--- SUPPLIED MATERIAL Enclosed Below ---

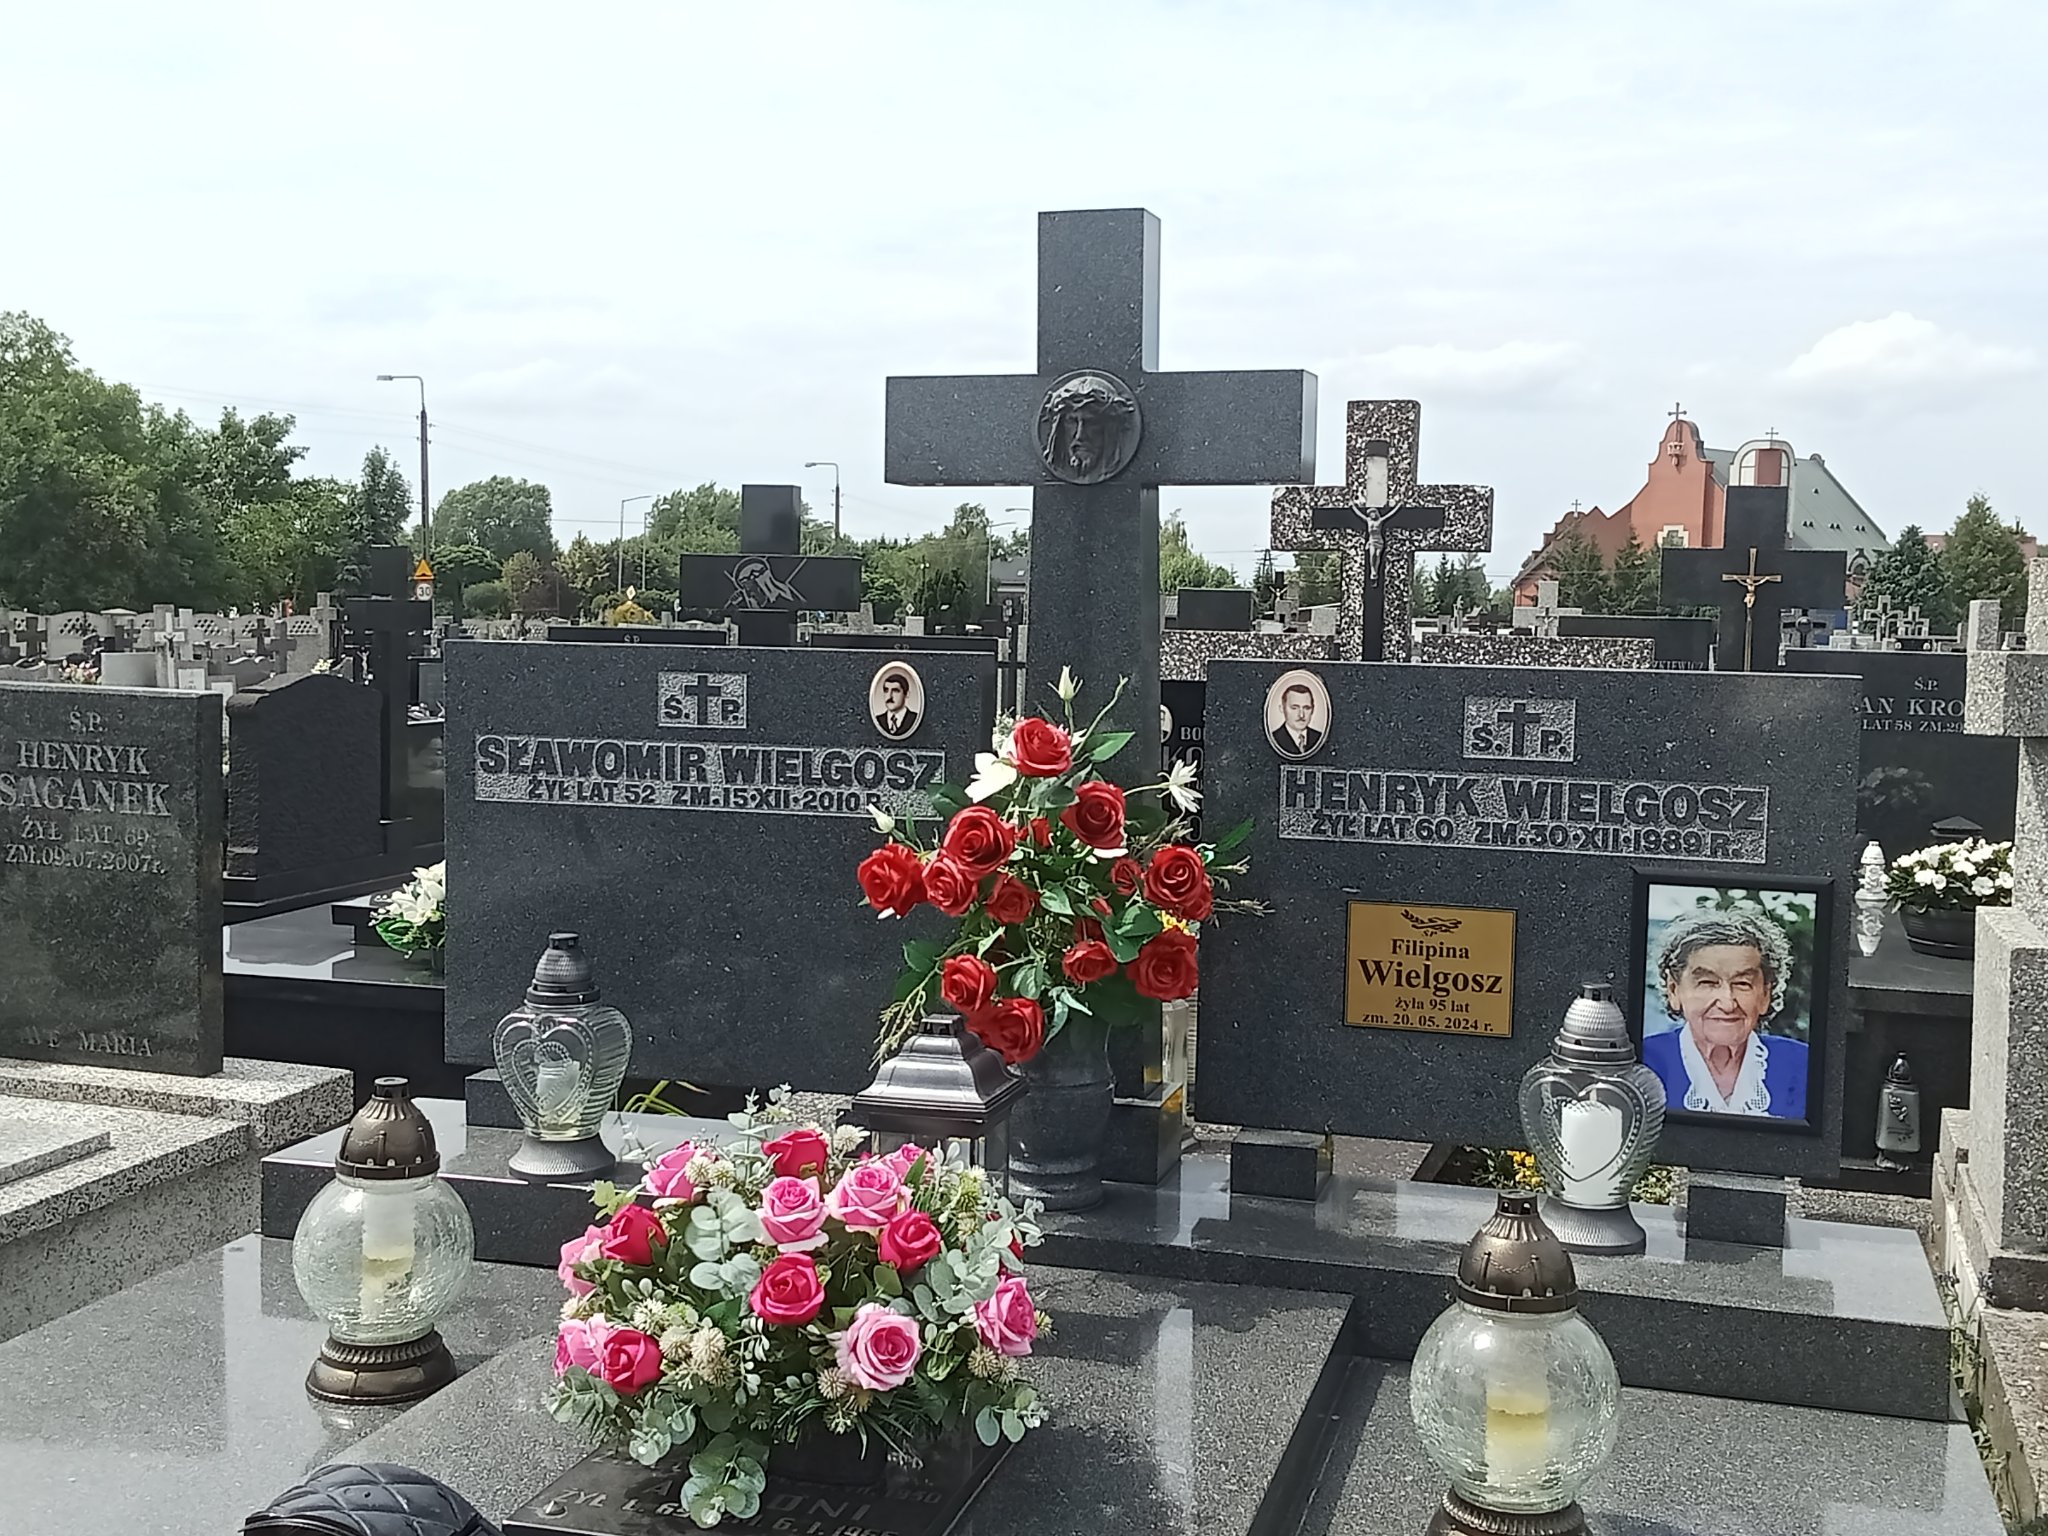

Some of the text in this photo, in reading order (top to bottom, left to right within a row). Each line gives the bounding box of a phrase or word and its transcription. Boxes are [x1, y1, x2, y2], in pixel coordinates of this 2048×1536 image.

[419, 586, 431, 597] 30
[1908, 698, 1965, 717] KRO
[1862, 719, 1893, 731] LAT
[1895, 720, 1912, 731] 58
[17, 740, 150, 775] HENRYK
[477, 736, 942, 791] SŁAWOMIR WIELGOSZ
[0, 772, 171, 817] SAGANEK
[577, 780, 619, 803] LAT
[624, 783, 656, 805] 52
[1285, 768, 1765, 832] HENRYK WIELGOSZ
[1363, 815, 1413, 840] LAT
[1415, 817, 1453, 842] 60
[1392, 938, 1470, 961] Filipina
[1358, 958, 1503, 998] Wielgosz
[1429, 998, 1447, 1012] 95
[1451, 1000, 1470, 1014] lat
[1444, 1017, 1479, 1031] 2024
[78, 1029, 153, 1057] MARIA

--- End of Enclosed SUPPLIED MATERIAL ---

▶ [THE TASK]:
Repeat each of the entries above exactly, but do not carry over the pictures.

▶ [SOLVED EXERCISE]:
Some of the text in this photo, in reading order (top to bottom, left to right within a row). Each line gives the bounding box of a phrase or word and its transcription. Boxes are [x1, y1, x2, y2], in pixel coordinates of this 2048×1536 image.

[419, 586, 431, 597] 30
[1908, 698, 1965, 717] KRO
[1862, 719, 1893, 731] LAT
[1895, 720, 1912, 731] 58
[17, 740, 150, 775] HENRYK
[477, 736, 942, 791] SŁAWOMIR WIELGOSZ
[0, 772, 171, 817] SAGANEK
[577, 780, 619, 803] LAT
[624, 783, 656, 805] 52
[1285, 768, 1765, 832] HENRYK WIELGOSZ
[1363, 815, 1413, 840] LAT
[1415, 817, 1453, 842] 60
[1392, 938, 1470, 961] Filipina
[1358, 958, 1503, 998] Wielgosz
[1429, 998, 1447, 1012] 95
[1451, 1000, 1470, 1014] lat
[1444, 1017, 1479, 1031] 2024
[78, 1029, 153, 1057] MARIA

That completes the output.